**Information provided:**
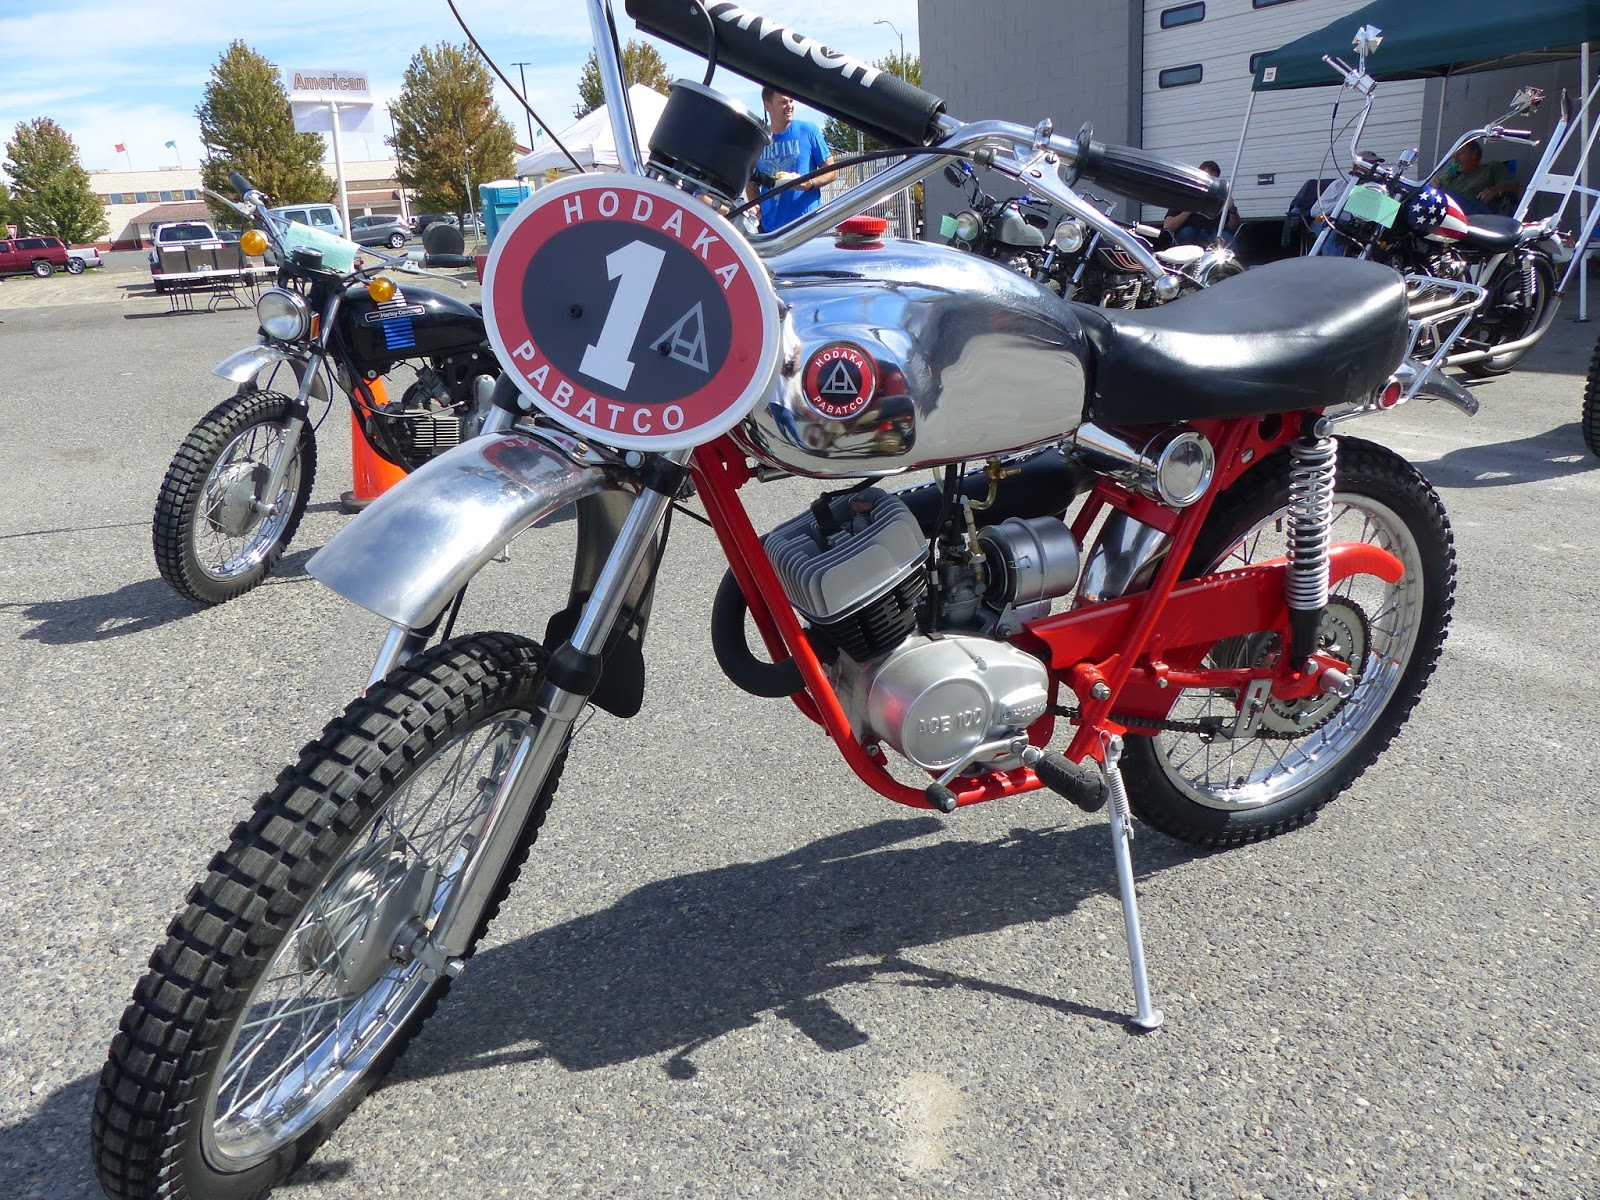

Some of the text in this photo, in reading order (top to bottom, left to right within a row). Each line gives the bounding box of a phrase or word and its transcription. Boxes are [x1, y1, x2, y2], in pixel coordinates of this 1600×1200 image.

[294, 73, 367, 91] American
[563, 191, 741, 290] HODAKA
[578, 239, 666, 391] 1
[815, 350, 864, 368] HODAKA
[512, 340, 685, 433] PABATCO
[813, 395, 864, 415] PABATCO
[919, 707, 982, 735] ACE 100

**Try it:** Take the data above and repeat it exactly, leaving each picture out.

**Written response:**
Some of the text in this photo, in reading order (top to bottom, left to right within a row). Each line gives the bounding box of a phrase or word and its transcription. Boxes are [x1, y1, x2, y2], in pixel coordinates of this 1600×1200 image.

[294, 73, 367, 91] American
[563, 191, 741, 290] HODAKA
[578, 239, 666, 391] 1
[815, 350, 864, 368] HODAKA
[512, 340, 685, 433] PABATCO
[813, 395, 864, 415] PABATCO
[919, 707, 982, 735] ACE 100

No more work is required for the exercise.